--- Extracted material Enclosed Below ---
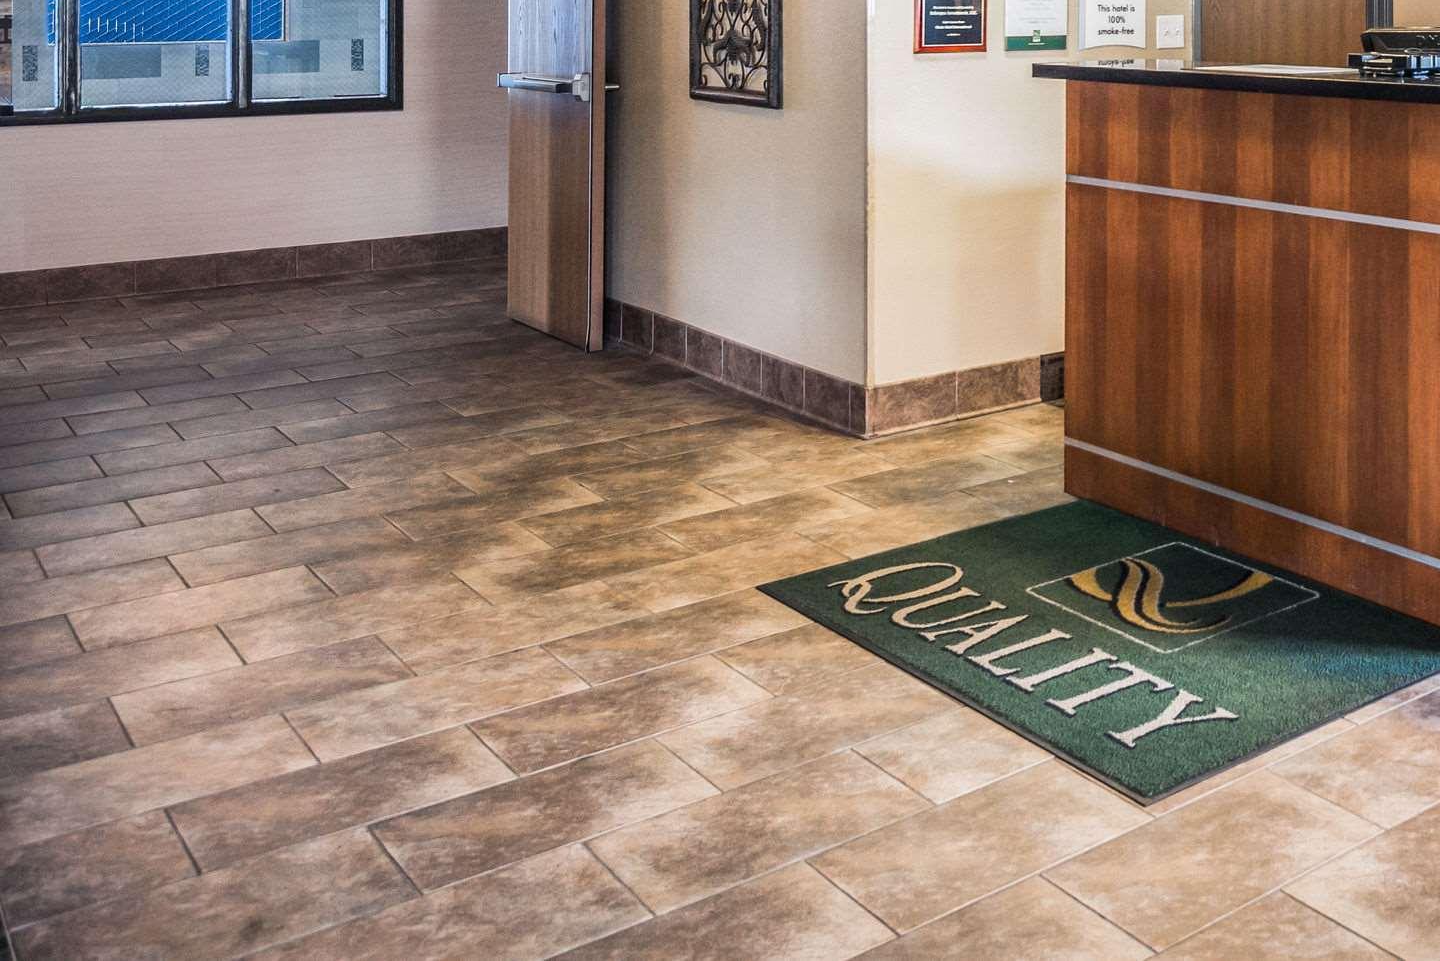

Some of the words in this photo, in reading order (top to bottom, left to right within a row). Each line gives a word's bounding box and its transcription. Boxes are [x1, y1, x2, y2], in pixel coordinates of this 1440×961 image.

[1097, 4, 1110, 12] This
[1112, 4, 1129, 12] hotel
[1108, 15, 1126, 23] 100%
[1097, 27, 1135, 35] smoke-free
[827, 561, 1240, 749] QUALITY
--- End of Enclosed Extracted material ---
Once the pictures are set aside, write out the entries verbatim.

**Reply to the exercise**.
Some of the words in this photo, in reading order (top to bottom, left to right within a row). Each line gives a word's bounding box and its transcription. Boxes are [x1, y1, x2, y2], in pixel coordinates of this 1440×961 image.

[1097, 4, 1110, 12] This
[1112, 4, 1129, 12] hotel
[1108, 15, 1126, 23] 100%
[1097, 27, 1135, 35] smoke-free
[827, 561, 1240, 749] QUALITY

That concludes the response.